Day’s main point in these passages is that Wittgenstein is attempting to understand why he fails to appreciate Shakespeare, and in Day’s [End Page 298] opinion this does not result from any form of philosophical disagreement or from a feeling on Wittgenstein’s part that Shakespeare’s work lacks philosophical weight. Instead, the failure results from a marked difference in temperament. This is certainly plausible, whatever one thinks about Day’s Cavellian reading, one that would see Wittgenstein drawing our attention to “the threat of skepticism” and the “naturalness and inevitability of tragedy” (“TNU,” p. 41).

Yet neither Monk nor Day mentions that the use of a simile or metaphor by one of Shakespeare’s characters can so often aid our appreciation of the nature of that particular individual within the play. The use of what may seem a “bad” simile can then act as a pointer to the personality of the individual who uses it.

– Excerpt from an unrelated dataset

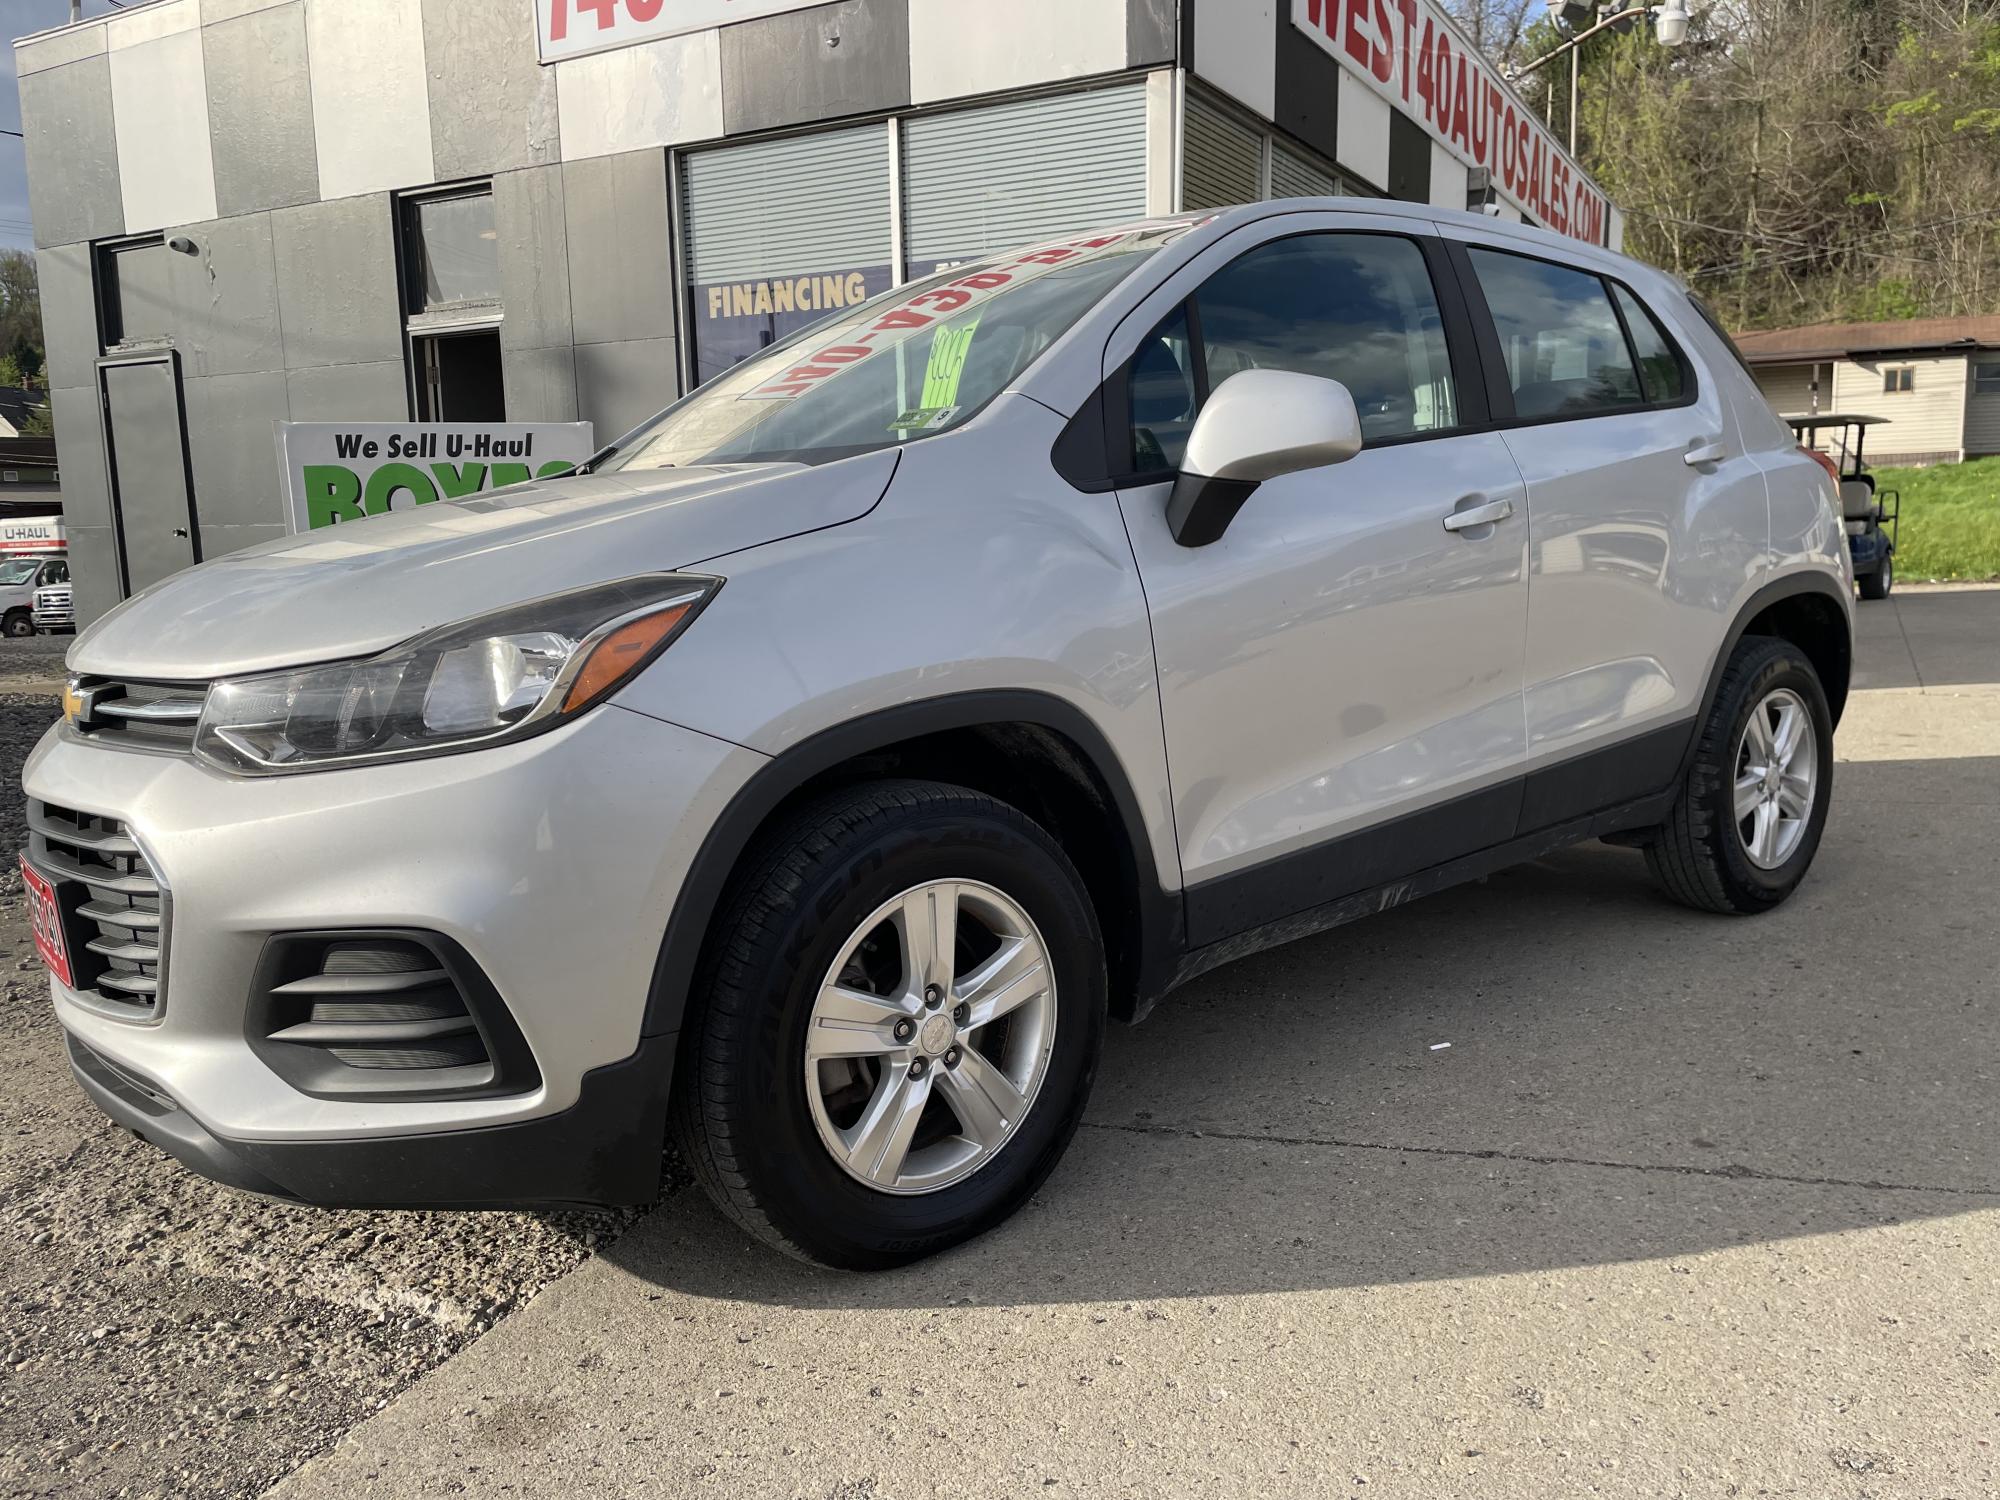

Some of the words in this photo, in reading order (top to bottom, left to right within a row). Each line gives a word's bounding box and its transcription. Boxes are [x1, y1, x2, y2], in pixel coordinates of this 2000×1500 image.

In exactly the same way, it is uncontroversially true that at the level of ordinary dialogue, examples abound in Shakespeare, as in literature generally, of the revelation of character through the expression of belief and desire. No one can possibly forget, for example, the personality of Polonius as revealed by his advice to Laertes in his famous speech on the occasion of his son’s departure from Elsinore, in act 1, scene 3, of Hamlet.

Day also usefully provides his reader with a long paragraph (“TNU,” p. 40) detailing those “criticisms” of Shakespeare that are often understood to be implied by Wittgenstein’s remarks, including the claim that much of the praise given to Shakespeare is made without understanding and for the wrong reasons. Yet this is again balanced by Wittgenstein’s claim that Shakespeare is not like any other poet, that he is more akin to a natural phenomenon who can “sing as the birds sing,” a force of nature at which one can only speechlessly marvel (“TNU,” p. 40). This, however, is once again pointing in the direction of the interpretation that Murry advocates.


Recent commentators: Joachim Schulte’s interpretation. In a stimulating paper, Joachim Schulte encourages us to reflect upon our thinking about Wittgenstein on Shakespeare, by asking ourselves both what kind of remarks Wittgenstein is actually making in these passages from Culture and Value and, even more important, why he should be making them at all. If we actually carry out this procedure properly, we will find that we gain an entirely new perspective on what they are all about: [End Page 299]

What Wittgenstein’s remarks are really about is his own intellectual physiognomy. It is by way of contrast, by comparing certain features of Shakespeare with what he supposes to be characteristic of himself, that he hopes to learn about the limits and potentialities of his own personality.6

Schulte begins his account with the claim that “there is a strange tradition of misunderstanding Wittgenstein’s remarks on Shakespeare,” and the first example of this that he provides is Monk’s statement that “Wittgenstein had long been troubled by his inability to appreciate the greatness of Shakespeare” (“DW,” p. 7). Even if we allow for the fact that Monk’s treatment of Wittgenstein on Shakespeare occupies not much more than a page of his biography, Schulte does not explain why this should constitute a “misunderstanding,” given that for most readers it will appear to be little more than a recounting of what Wittgenstein actually says:

It is remarkable how hard we find it to believe something that we do not see the truth of for ourselves. When, for instance, I hear the expression of admiration for Shakespeare by distinguished men in the course of several centuries, I can never rid myself of the suspicion that praising him has been the conventional thing to do.7

Wittgenstein goes on to say that “my failure to understand him could then be explained by my inability to read him easily” (CV, p. 49e), and this would certainly appear to confirm rather than put in doubt the truth of what Monk actually says. Schulte also states in a footnote (“DW,” p. 7n1) that Monk reveals further misunderstandings in his presentation, and although he does not specify what these are, we perhaps ought to concentrate on Monk’s reference to Wittgenstein’s dislike of Shakespeare’s metaphors and similies as a reason for questioning his greatness as a poet, and also for his well-known dislike of English culture in general.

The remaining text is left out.